*** Opening Source data ***
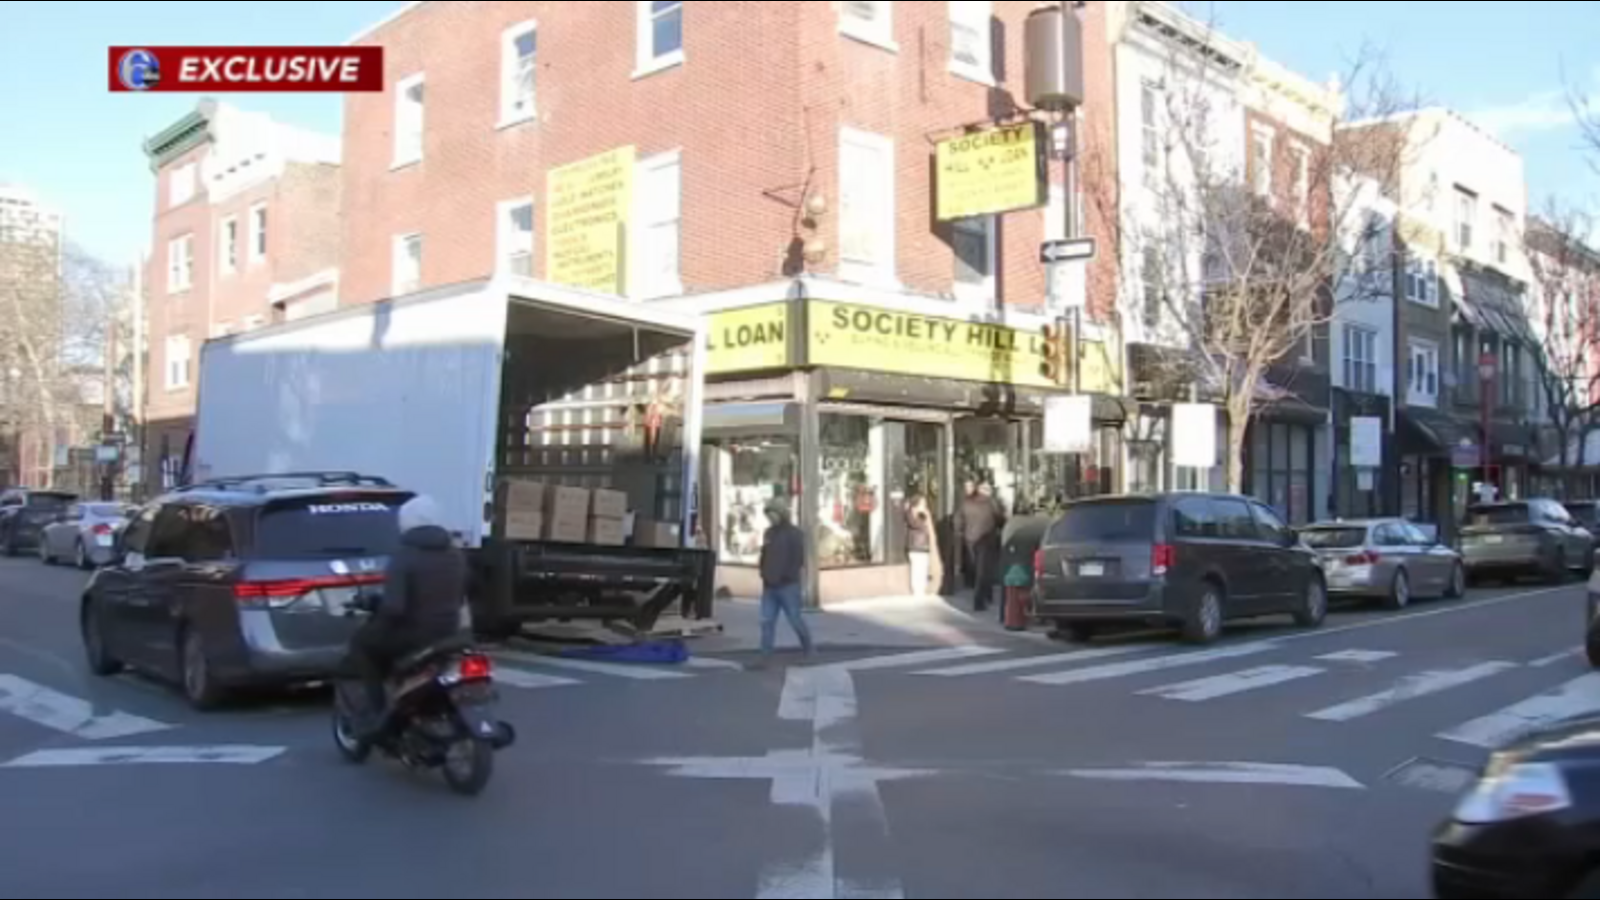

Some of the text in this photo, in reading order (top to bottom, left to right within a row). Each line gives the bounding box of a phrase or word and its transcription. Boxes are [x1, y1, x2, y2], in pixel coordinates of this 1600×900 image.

[949, 126, 1022, 155] SOCIETY
[724, 319, 784, 350] LOAN
[832, 307, 957, 342] SOCIETY
[966, 322, 1018, 352] HILL
[308, 502, 390, 514] HONDA
*** Closing Source data ***
[What you need to do] The copy should match each line above exactly and contain no images.

[Task output]
Some of the text in this photo, in reading order (top to bottom, left to right within a row). Each line gives the bounding box of a phrase or word and its transcription. Boxes are [x1, y1, x2, y2], in pixel coordinates of this 1600×900 image.

[949, 126, 1022, 155] SOCIETY
[724, 319, 784, 350] LOAN
[832, 307, 957, 342] SOCIETY
[966, 322, 1018, 352] HILL
[308, 502, 390, 514] HONDA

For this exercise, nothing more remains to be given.